Inspirado por memórias, poucas vezes botei no papel as muitas cartas que escrevi para Porto Alegre. Deveria ter dado mais notícias. Que vi árvores, sombras, ruas, prédios, gentes e que me lembrei dela. Lembrei quanto a cidade faz parte de mim e quanto eu também faço parte dela.
A Freguesia de São Francisco do Porto dos Casais, 250 anos depois, quer saber de nós, das nossas histórias por aqui e dos lugares que nos marcaram para a vida inteira.
Tenho muitas fotos, recortes do DNA da cidade que, como vacinas, protegem de muitas das doenças da alma.
Inspire-se nelas e escreva.
Convide quem puder e quiser e vamos fazer um livro a muitas mãos.
A internet que me perdoe, mas como um jornalista dinossauro com mais de 40 anos de profissão, prefiro as histórias impressas.
A sensação de pegar na mão aquele monte de letrinhas e imagens e sentir o peso real das palavras que estão ali, o cheiro de tinta, a textura das páginas…

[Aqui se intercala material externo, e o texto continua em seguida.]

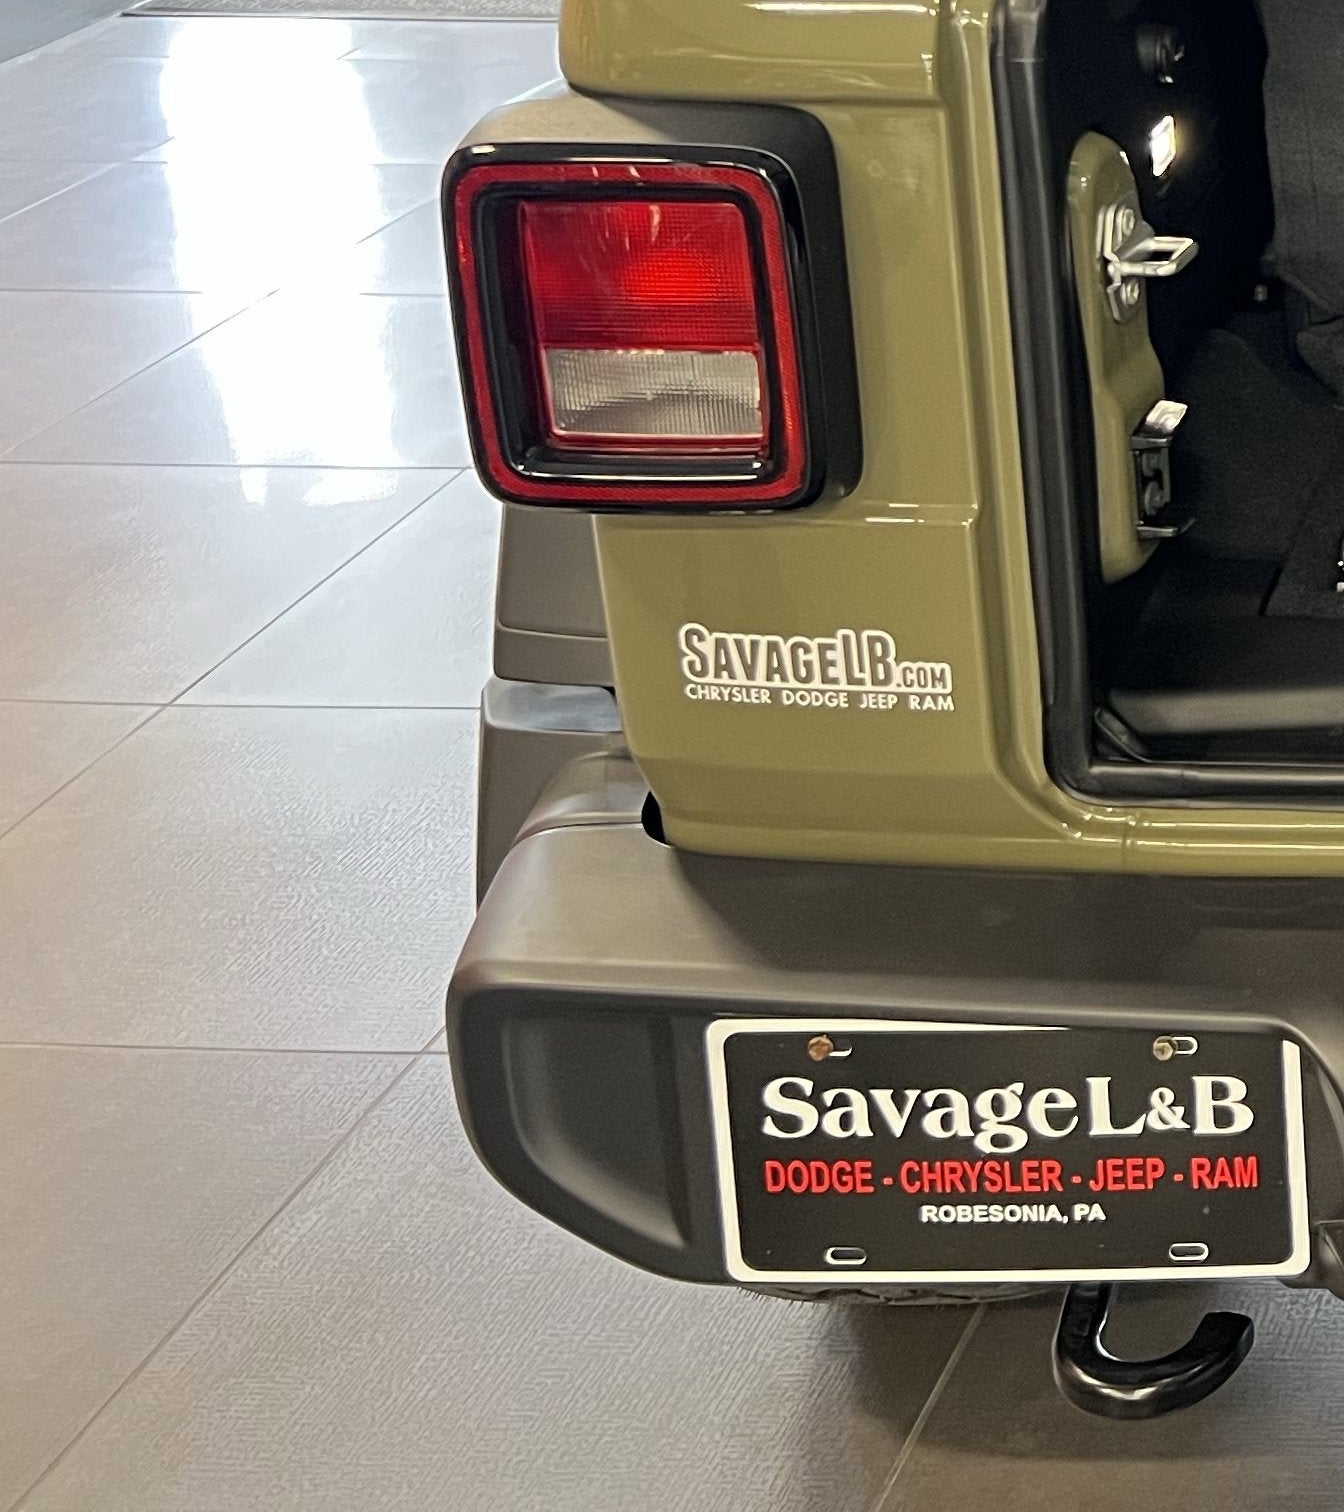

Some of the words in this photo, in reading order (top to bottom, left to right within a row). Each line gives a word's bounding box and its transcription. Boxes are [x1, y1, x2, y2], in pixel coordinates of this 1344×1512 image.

Ao final do projeto, vamos unir letras e imagens e lançar um livro físico e digital (a internet não me perdoa). Um trabalho feito a muitas mãos, com todo o carinho para Porto Alegre.
Há 250 anos, 60 casais portugueses, saídos da Ilha dos Açores, começaram a chamar de casa um pedaço de terra situado a 30° Sul, 52° Oeste que, mais tarde, atenderia pelo nome de Porto Alegre. Em um quarto de século, o chega-e-sai de gente foi bem grande. Eu mesmo, fiquei fora da terrinha por bons 30 anos. Levei comigo, junto com o plano de ser jornalista, o viaduto Otávio Rocha, a Praça da Matriz, a Casa de Cultura, a Duque, a Borges, a Redenção, os verões escaldantes e os invernos regados a minuanos, as ruas das dores de Mário Quintana, por onde ele jamais passou.